**Exercise**
Should any entry hold a picture, omit that picture and copy the rest of the entry exactly.

:: Provided entries ::

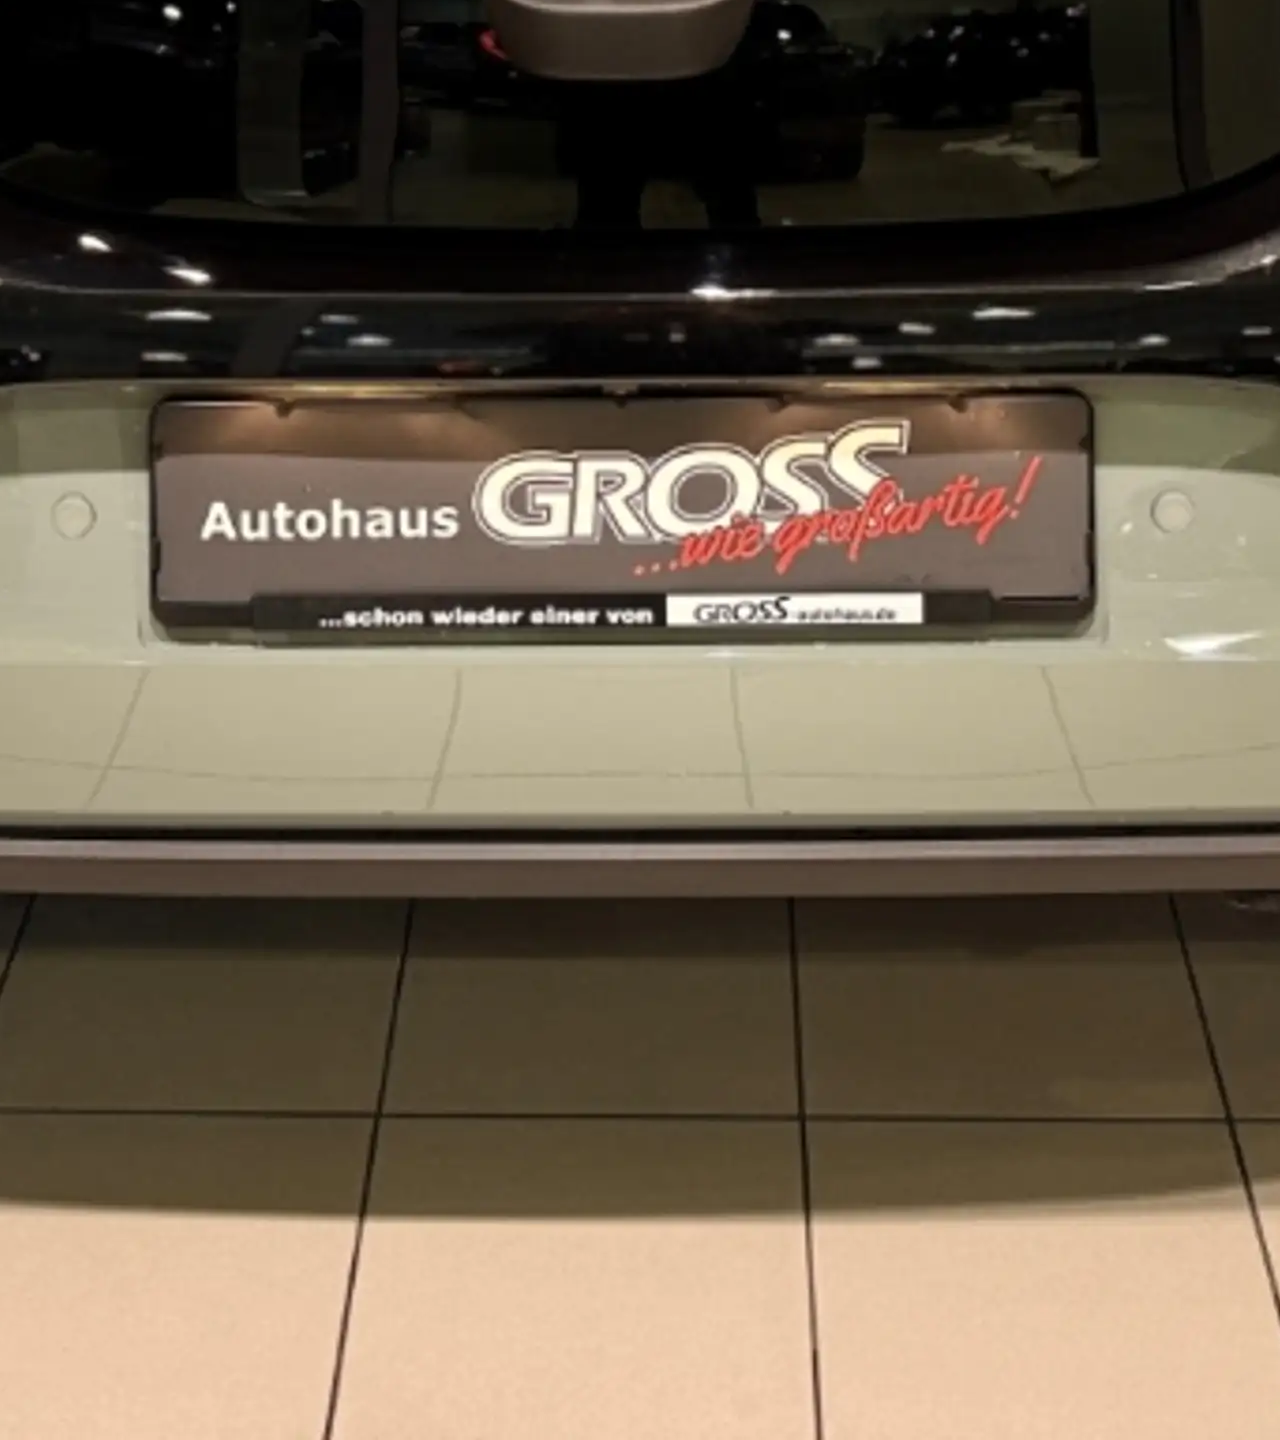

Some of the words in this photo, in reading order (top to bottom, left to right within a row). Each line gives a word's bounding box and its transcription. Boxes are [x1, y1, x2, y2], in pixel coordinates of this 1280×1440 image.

[200, 498, 461, 542] Autohaus
[471, 419, 911, 547] GROSS
[772, 454, 1042, 576] großartig!
[430, 605, 523, 626] wieder
[530, 603, 599, 625] einer
[605, 607, 654, 625] von

:::

**Task output**
Some of the words in this photo, in reading order (top to bottom, left to right within a row). Each line gives a word's bounding box and its transcription. Boxes are [x1, y1, x2, y2], in pixel coordinates of this 1280×1440 image.

[200, 498, 461, 542] Autohaus
[471, 419, 911, 547] GROSS
[772, 454, 1042, 576] großartig!
[430, 605, 523, 626] wieder
[530, 603, 599, 625] einer
[605, 607, 654, 625] von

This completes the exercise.